Considerable volume of research has gone into developing objective image/video quality metrics that incorporate the perceived quality measurement with due consideration for HVS characteristics. However, most of the proposed metrics based on HVS characteristics require the original image as a reference [2], [3], [4], [5]. Though it is easy to assess the image quality without any reference by manual observations, developing a no-reference (NR) quality metric is a difficult task. To develop NR metrics, it is essential to have a priori knowledge about the nature of artifacts. Currently, NR quality metrics are the subject of considerable attention by the research community, visibly so, with the emergence of video quality experts group (VQEG) [6] which is in the process of standardizing NR and reduced-reference (RR) video quality assessment methods.

The most popular and widely used image format in the Internet as well as in digital cameras happens to be JPEG [7]. Since JPEG uses block-based DCT transform for coding to achieve compression, the major artifact that JPEG-compressed images suffer is blockiness. The compression rate (bit-rate) and image quality are mainly determined by the degree of quantization of these DCT coefficients. The undesirable consequences of quantization manifest as blockiness, ringing and blurring artifacts in the JPEG-coded image. It turns out that the subjective data for all these artifacts are highly correlated [8]. Hence, measuring the blockiness with reference to HVS criteria in turn indicates the image quality. Since, the image quality is a subjective phenomenon, the manual inspection plays an important role. The subjective test is concerned with how an image is perceived by a viewer and designates his/her opinion on a particular image (opinion score). The mean opinion score (MOS) provides average opinion score over all subjects. Here, the objective is to find the functional relationship between the extracted HVS features and MOS for quantifying the quality of the image.

Existing algorithms to measure the blockiness have used a variety of methods to do so.
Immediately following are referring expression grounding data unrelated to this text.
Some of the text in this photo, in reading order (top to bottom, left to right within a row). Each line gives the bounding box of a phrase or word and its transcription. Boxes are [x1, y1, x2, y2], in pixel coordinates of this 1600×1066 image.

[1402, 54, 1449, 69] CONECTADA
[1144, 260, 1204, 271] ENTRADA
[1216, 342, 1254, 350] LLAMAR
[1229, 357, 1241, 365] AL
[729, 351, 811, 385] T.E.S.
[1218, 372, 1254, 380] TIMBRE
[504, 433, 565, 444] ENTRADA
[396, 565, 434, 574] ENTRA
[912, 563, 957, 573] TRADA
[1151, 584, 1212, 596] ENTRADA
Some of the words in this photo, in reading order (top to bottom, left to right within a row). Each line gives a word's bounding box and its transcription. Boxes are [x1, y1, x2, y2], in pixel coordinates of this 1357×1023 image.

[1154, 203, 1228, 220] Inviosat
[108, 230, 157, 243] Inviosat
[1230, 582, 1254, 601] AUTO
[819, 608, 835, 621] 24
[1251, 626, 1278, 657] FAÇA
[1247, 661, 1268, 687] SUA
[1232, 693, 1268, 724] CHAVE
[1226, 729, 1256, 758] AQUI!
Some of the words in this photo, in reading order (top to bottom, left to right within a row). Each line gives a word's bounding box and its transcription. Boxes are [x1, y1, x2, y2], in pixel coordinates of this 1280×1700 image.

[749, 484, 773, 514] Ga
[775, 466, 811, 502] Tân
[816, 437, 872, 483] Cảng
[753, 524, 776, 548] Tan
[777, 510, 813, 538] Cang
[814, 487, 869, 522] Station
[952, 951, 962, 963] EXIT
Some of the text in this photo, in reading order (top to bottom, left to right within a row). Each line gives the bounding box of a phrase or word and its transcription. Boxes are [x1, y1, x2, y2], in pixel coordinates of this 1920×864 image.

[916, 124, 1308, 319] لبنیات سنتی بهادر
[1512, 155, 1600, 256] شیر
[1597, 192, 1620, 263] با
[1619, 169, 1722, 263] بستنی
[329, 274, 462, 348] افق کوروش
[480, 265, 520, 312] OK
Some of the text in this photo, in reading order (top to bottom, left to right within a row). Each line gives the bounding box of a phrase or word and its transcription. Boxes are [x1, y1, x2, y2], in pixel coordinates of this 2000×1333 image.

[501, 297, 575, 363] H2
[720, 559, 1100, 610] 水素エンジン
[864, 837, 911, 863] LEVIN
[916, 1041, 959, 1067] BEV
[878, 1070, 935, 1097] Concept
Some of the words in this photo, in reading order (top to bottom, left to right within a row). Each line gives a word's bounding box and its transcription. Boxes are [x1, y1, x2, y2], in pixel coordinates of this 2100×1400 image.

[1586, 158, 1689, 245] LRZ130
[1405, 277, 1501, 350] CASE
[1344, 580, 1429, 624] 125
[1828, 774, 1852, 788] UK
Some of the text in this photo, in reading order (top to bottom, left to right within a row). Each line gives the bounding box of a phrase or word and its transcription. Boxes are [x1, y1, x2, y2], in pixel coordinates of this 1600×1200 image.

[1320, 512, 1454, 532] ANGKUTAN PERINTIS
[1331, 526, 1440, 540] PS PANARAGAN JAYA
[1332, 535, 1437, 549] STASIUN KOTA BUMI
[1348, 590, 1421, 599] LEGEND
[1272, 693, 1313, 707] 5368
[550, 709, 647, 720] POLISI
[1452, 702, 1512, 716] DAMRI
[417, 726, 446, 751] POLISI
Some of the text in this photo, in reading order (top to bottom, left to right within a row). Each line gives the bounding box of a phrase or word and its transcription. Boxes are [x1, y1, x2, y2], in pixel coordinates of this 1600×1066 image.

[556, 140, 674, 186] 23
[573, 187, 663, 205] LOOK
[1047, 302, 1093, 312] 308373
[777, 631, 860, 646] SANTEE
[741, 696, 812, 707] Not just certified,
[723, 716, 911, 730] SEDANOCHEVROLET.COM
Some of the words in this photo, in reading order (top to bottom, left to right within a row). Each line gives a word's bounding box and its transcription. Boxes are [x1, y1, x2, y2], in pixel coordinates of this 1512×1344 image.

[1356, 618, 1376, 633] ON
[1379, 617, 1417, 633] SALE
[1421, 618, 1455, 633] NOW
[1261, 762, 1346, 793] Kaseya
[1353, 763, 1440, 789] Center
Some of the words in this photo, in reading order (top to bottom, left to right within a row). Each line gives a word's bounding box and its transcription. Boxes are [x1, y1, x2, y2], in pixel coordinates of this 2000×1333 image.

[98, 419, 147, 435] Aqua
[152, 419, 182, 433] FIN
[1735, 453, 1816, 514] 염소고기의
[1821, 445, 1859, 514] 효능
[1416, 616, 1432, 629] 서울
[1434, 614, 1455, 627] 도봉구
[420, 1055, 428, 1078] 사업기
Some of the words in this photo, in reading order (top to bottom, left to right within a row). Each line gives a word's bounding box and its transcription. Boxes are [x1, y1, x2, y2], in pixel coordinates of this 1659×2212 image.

Wang and Bovik proposed an algorithm based on computing the FFT along the rows and columns to estimate the strength of the block edges of the image [9]. Further, they proposed a nonlinear-model for NR quality assessment of JPEG images, where the parameters of the model were determined with subjective test data [10]. Vlachos used cross-correlation of subsampled images to compute a blockiness metric [11]. Wu and Yuen proposed a metric based on computing gradients along block boundaries while tempering the result with a weighting function based on the HVS [3]. Here, the block edge strength for each frame was computed. Similar ideas about the HVS were utilized by Suthaharan [4] and Gao et al. [5]. The general idea behind these metrics was to temper the block edge gradient with the masking activity measured around it. These approaches utilize the fact that the gradient at a block edge can be masked by more spatially active areas around it, or in regions of extremities in illumination (very dark or bright regions) [12]. Jung et al. [13] proposed an NR metric for emulating the full-reference metric proposed by Karunasekera and Kingsbury [2] using neural network. Here they have used general image features for training the neural network and the results are not compared against the subjective test scores. On the other hand, recently, Gastaldo et al. [14], [15] proposed a circular back propagation (CBP)-based image quality evaluation method using the general pixel-based image features such as higher order moments without considering the HVS. In all these above mentioned approaches, extracting large number of general image features are computationally quite complex for real-time implementation. Also, the functional relation between the HVS features and the MOS are nonlinear and is difficult to mathematically model. Under these circumstances, neural networks are best suited for solving such problems.

In the last few decades, extensive research has been carried out in developing the theory and the application of artificial neural networks (ANNs). ANNs possess an inherent structure suitable for mapping complex characteristics, learning and optimization have emerged to be a powerful mathematical tool for solving various practical problems like pattern classification and recognition, medical imaging, speech recognition and control [16], [17], [18], [19]. Furthermore, from a practical perspective, the massive parallelism and fast adaptability of neural network implementations provide more incentives for further investigation in problems involving complex mapping with uncertainties. Of the many neural network architectures proposed, single layer feedforward network (SLFN) with sigmoidal or radial basis function are found to be effective for solving a number of real world problems. The free parameters of the network are learned from given training samples using gradient descent algorithms. The gradient descent algorithms are relatively slow and have many issues in error convergence.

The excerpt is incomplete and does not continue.